I had two 9mm cases like that. I hand fed and fired them in my CZ75B. 2/3 of a pistol match later my extractor claw broke off.
Live and learn.

longdayjake
October 7, 2011, 12:55 PM
I had two 9mm cases like that. I hand fed and fired them in my CZ75B. 2/3 of a pistol match later my extractor claw broke off.
Live and learn.

I guess I don't see a connection between a broken extractor and firing primed cases. Am I missing something?

MoreIsLess
October 7, 2011, 01:19 PM
Now that we've read everyones story about what can happen when abusing a live primer, the question is what to do if you have one. I have one that is wedged in the primer pocket sideways because it went down the shute of the Lee AUto Primer feeder the wrong way.

Still trying to decide what to do with it

sixgunner455
October 7, 2011, 01:23 PM
Yeah, me either. Are you saying it's because you hand fed them?

the extractor claw on a CZ is pretty beefy. I'd say you had a bad extractor, rather than that it had anything to do with the primer firing. they get a lot more stress firing live ammo than primer-only cartridges.

sixgunner455
October 7, 2011, 01:24 PM
doesn't a squirt of wd-40 kill them?

68wj
October 7, 2011, 02:18 PM
Now that we've read everyones story about what can happen when abusing a live primer, the question is what to do if you have one. I have one that is wedged in the primer pocket sideways because it went down the shute of the Lee AUto Primer feeder the wrong way.

Still trying to decide what to do with it
Deprime it and "discard in accordance with local regulations"

JohnM
October 7, 2011, 02:25 PM
"discard in accordance with local regulations"
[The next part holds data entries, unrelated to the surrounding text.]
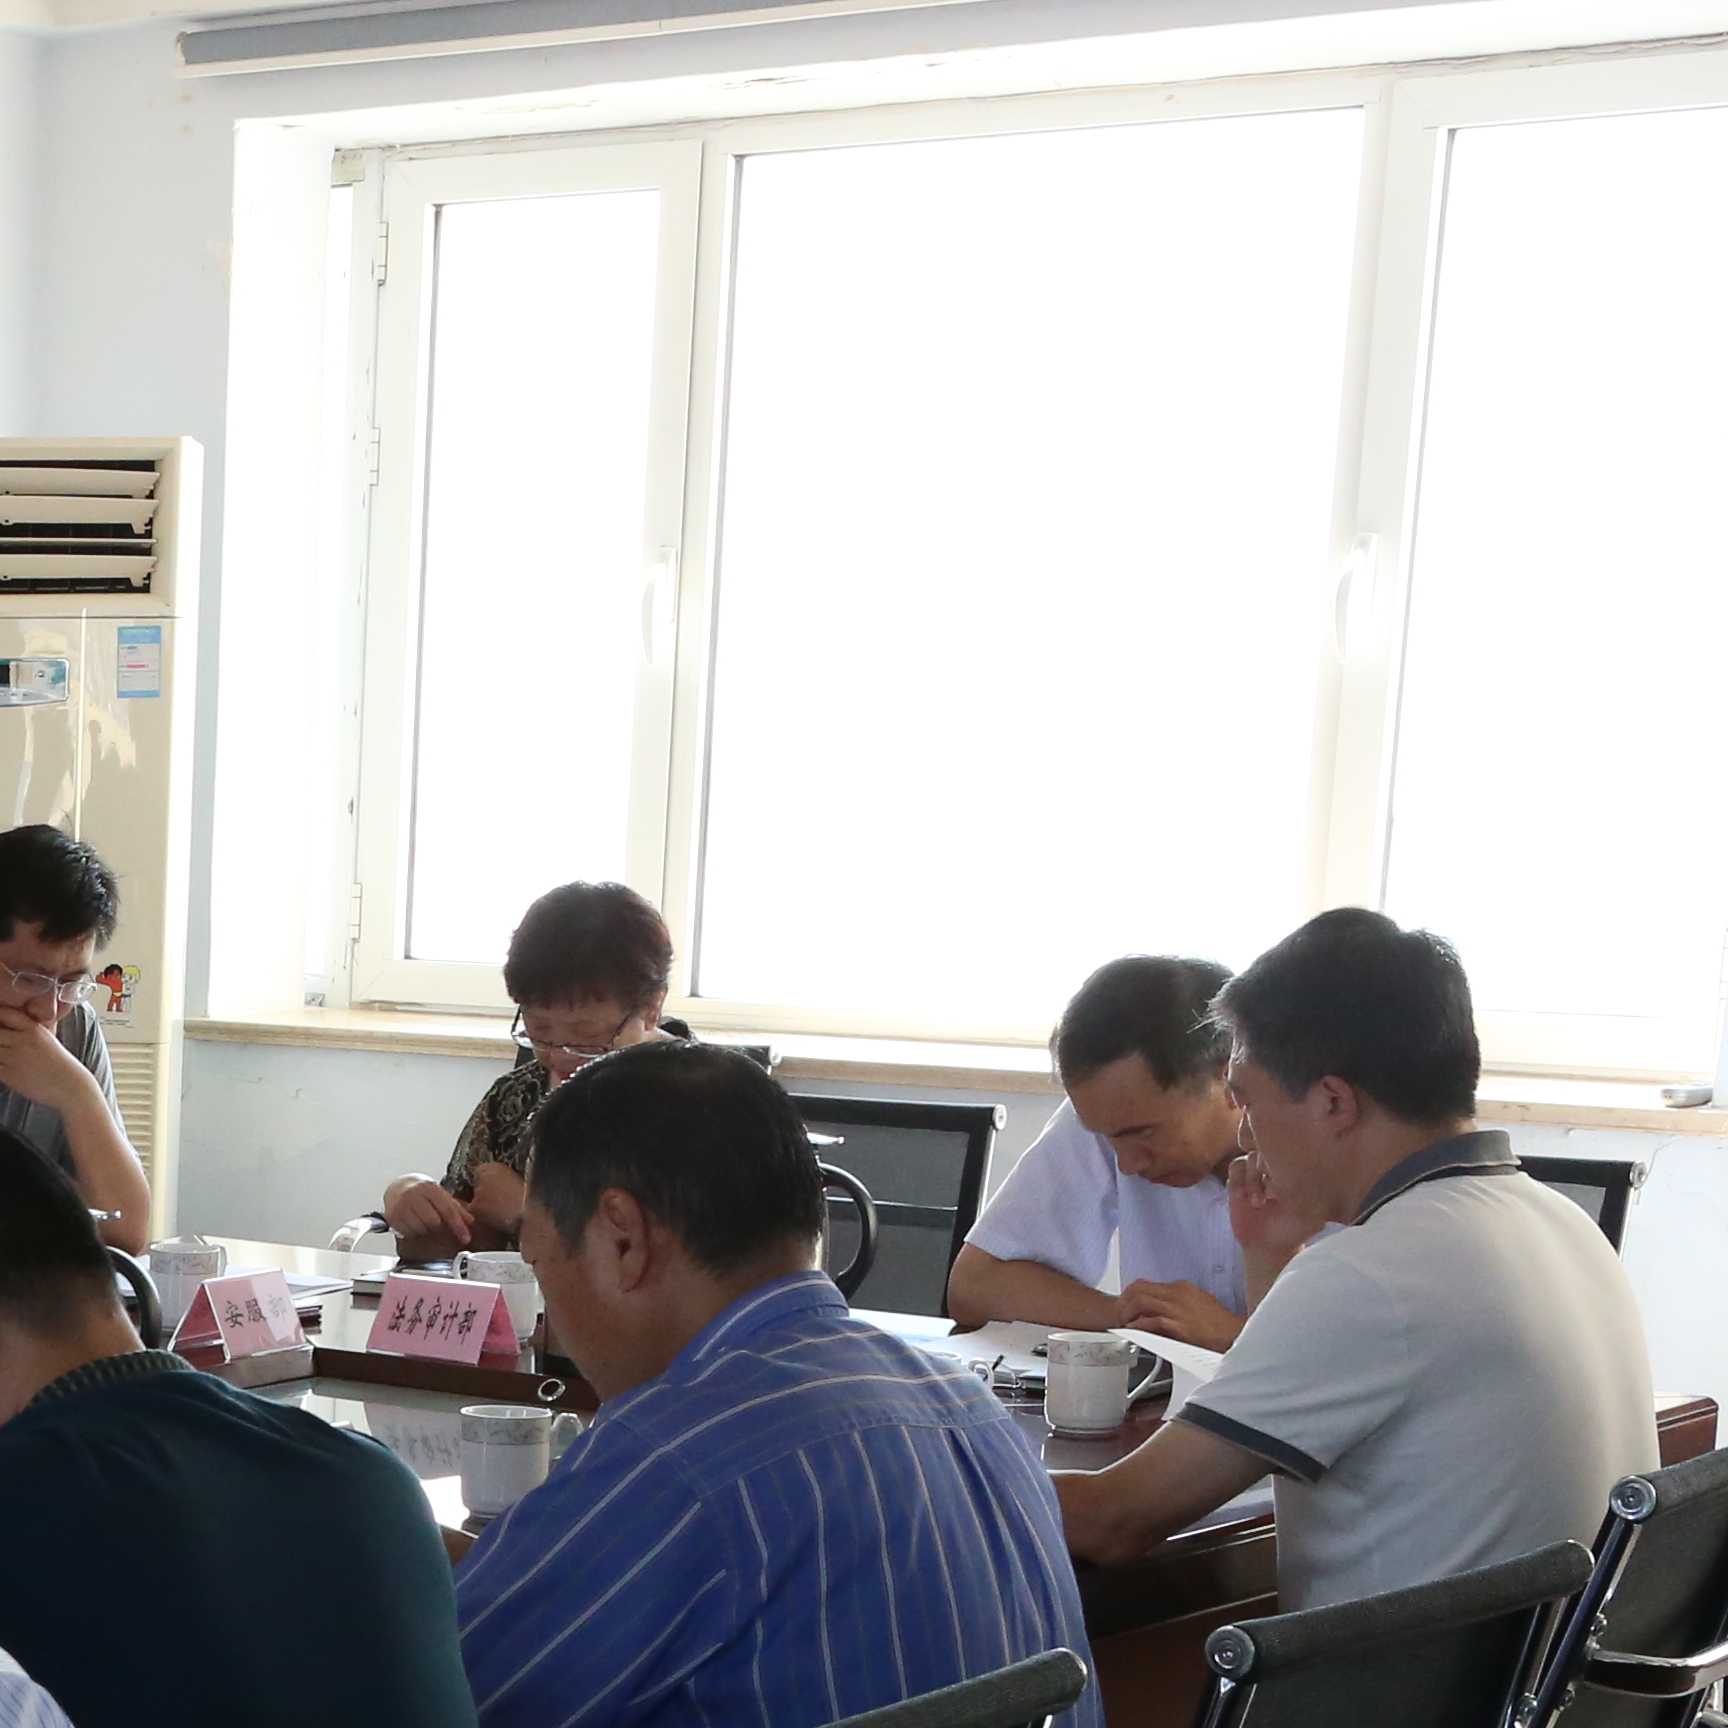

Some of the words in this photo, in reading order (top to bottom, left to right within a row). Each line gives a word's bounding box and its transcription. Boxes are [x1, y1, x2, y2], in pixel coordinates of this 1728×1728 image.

[388, 1295, 477, 1345] 法务审计部
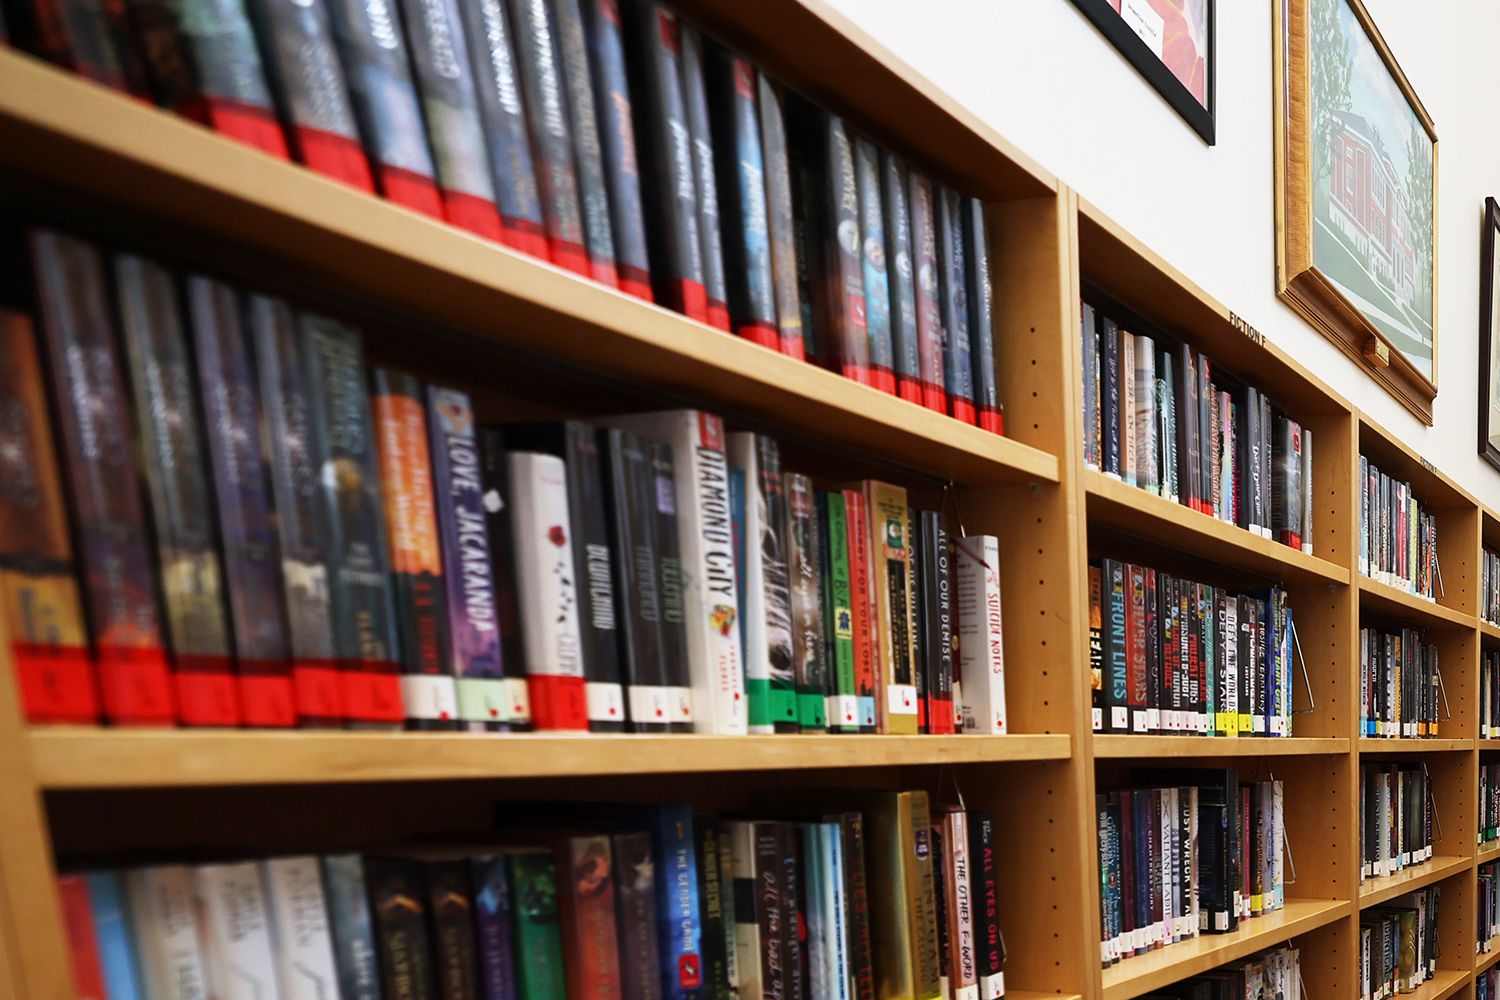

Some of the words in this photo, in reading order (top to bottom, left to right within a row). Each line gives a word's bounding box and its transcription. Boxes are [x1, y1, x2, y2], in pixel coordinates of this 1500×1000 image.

[1229, 311, 1260, 344] FICTION
[1260, 335, 1267, 347] F
[447, 436, 480, 498] LOVE,
[1419, 456, 1434, 474] FICTION
[697, 446, 729, 543] DIAMOND
[938, 529, 947, 547] ALL
[455, 504, 496, 632] JACARANDA
[857, 568, 866, 594] FOR
[939, 556, 948, 576] OF
[940, 579, 950, 610] OUR
[859, 601, 868, 637] YOUR
[986, 593, 1001, 637] SUICIDE
[1111, 592, 1127, 648] FRONT
[1132, 595, 1147, 649] SILVER
[1219, 610, 1227, 650] DEFY
[1227, 616, 1239, 643] DEFY
[941, 614, 951, 662] DEMISE
[861, 641, 870, 675] LOSS
[992, 639, 1003, 676] NOTES
[1112, 652, 1128, 700] LINES
[1227, 649, 1239, 669] THE
[1133, 654, 1148, 703] STARS
[1190, 680, 1199, 704] 1065
[1227, 674, 1239, 713] WORLDS
[1183, 802, 1191, 833] JUST
[983, 847, 994, 873] ALL
[1147, 829, 1155, 884] CHANTRESS
[1162, 823, 1172, 877] VALIANT
[1183, 839, 1191, 884] WRECK
[764, 872, 780, 903] all
[956, 857, 967, 881] THE
[957, 884, 970, 924] OTHER
[986, 879, 998, 918] EYES
[1184, 888, 1191, 900] IT
[767, 906, 783, 937] the
[988, 923, 999, 946] ON
[769, 938, 784, 976] bad
[960, 930, 974, 980] F-WORD
[990, 950, 1000, 971] US
[1384, 922, 1392, 979] IDENTICAL
What sort of local regulation do you have that deals with a primer?

FROGO207
October 8, 2011, 07:41 AM
Well when I was around 5 years old I took an old .22 bullet apart. Being like my grandfather and liking a boom caused me to experiment. I "borrowed" my grandfathers old Zippo and lit the small pile of propellant on fire. What no bang?? Then tried to heat the primed case up. Kept burning my fingers on the hot brass.:banghead: So I got a set of long nosed pliers and held the brass, thankfully pointed away from me, and heated it up. I got my bang and the brass flew off the pliers and buried itself in the ceiling above my head.:what: Was my mother ever mad at me. Gramps thought it was funny and said to just do it outside next time:D

Marlin 45 carbine
October 8, 2011, 01:38 PM
I can definitely 'ditto' the post about black powder caps. I've shot bp revolvers for some years. quite fond of them. night fotos will reveal a large 'flash' around the cap when struck by the hammer. I've been pepered a few times with pieces of blown cap.
I've figured myself that the most likely cause of 'flash-overs' on revolvers is poorly or inadequately seated caps letting 'flash' get to the nipple(s)

OldmanFCSA
October 8, 2011, 01:59 PM
Young & Dumb .................

We, as older kids - young adults, use to load 38SPCL cases with a standard pistol primer, put paper punch dots in bottom of case over primer, pour level full of parefin wax, let cool, and shoot at each other while wearing combat gear and face shields. It was great fun until on a fast reload somebody loaded a live duty round. That stopped the game. This was well before paintball - airsoft was available.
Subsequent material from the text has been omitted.